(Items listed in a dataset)
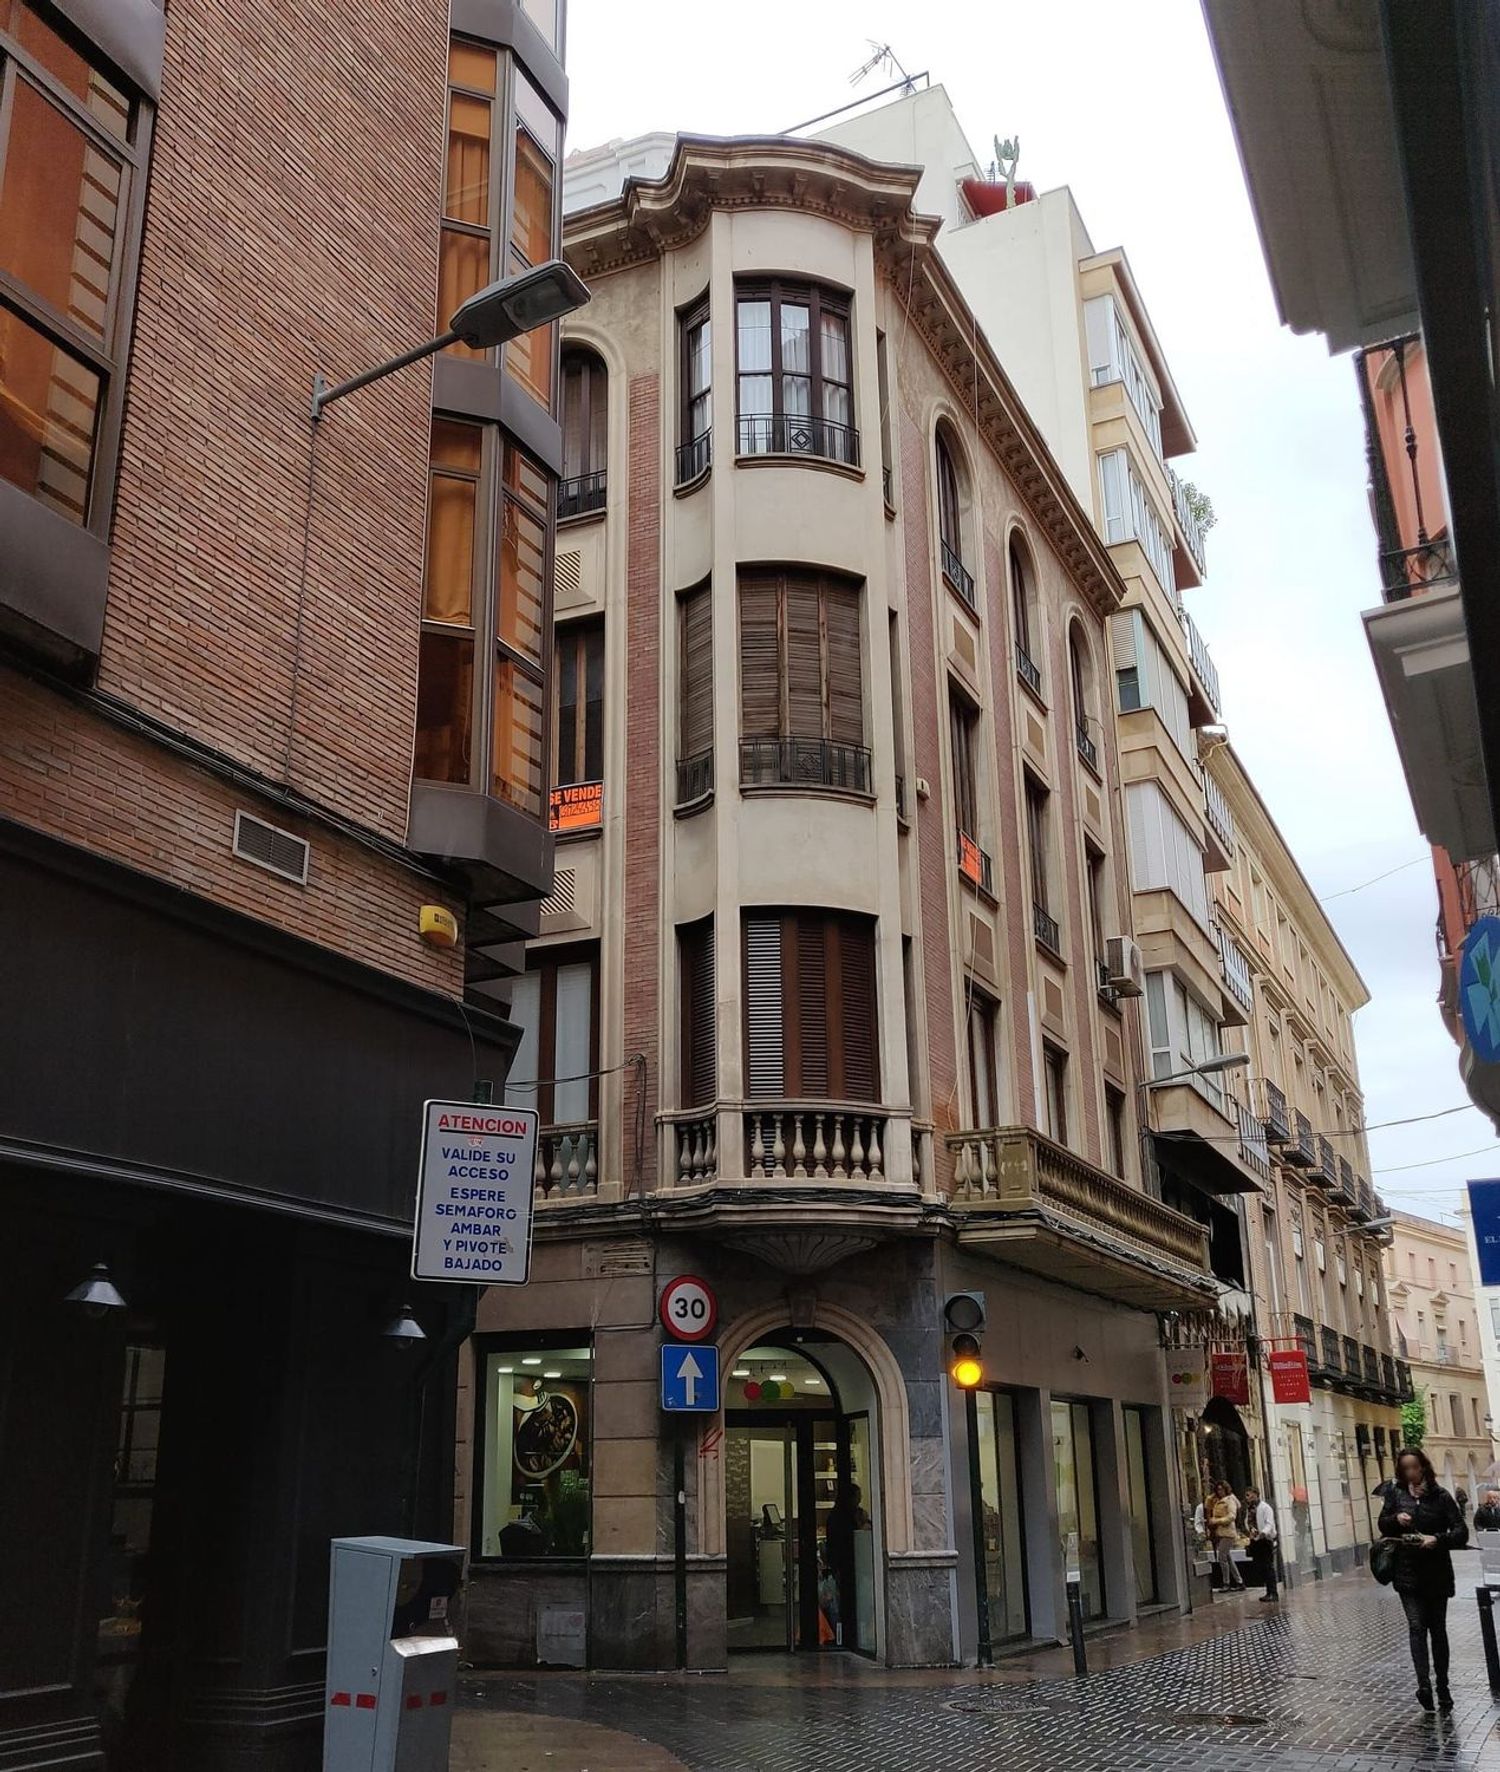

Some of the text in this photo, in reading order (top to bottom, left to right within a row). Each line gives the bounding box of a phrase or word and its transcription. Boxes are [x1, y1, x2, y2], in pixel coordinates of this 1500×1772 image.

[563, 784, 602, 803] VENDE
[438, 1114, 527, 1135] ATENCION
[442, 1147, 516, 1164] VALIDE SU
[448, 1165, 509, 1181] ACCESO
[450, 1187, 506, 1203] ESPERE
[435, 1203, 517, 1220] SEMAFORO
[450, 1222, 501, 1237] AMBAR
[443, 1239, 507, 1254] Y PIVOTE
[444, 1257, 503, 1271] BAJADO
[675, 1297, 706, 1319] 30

Brief
Please retype the data exactly, but do not carry over any picture.

Answer space
Some of the text in this photo, in reading order (top to bottom, left to right within a row). Each line gives the bounding box of a phrase or word and its transcription. Boxes are [x1, y1, x2, y2], in pixel coordinates of this 1500×1772 image.

[563, 784, 602, 803] VENDE
[438, 1114, 527, 1135] ATENCION
[442, 1147, 516, 1164] VALIDE SU
[448, 1165, 509, 1181] ACCESO
[450, 1187, 506, 1203] ESPERE
[435, 1203, 517, 1220] SEMAFORO
[450, 1222, 501, 1237] AMBAR
[443, 1239, 507, 1254] Y PIVOTE
[444, 1257, 503, 1271] BAJADO
[675, 1297, 706, 1319] 30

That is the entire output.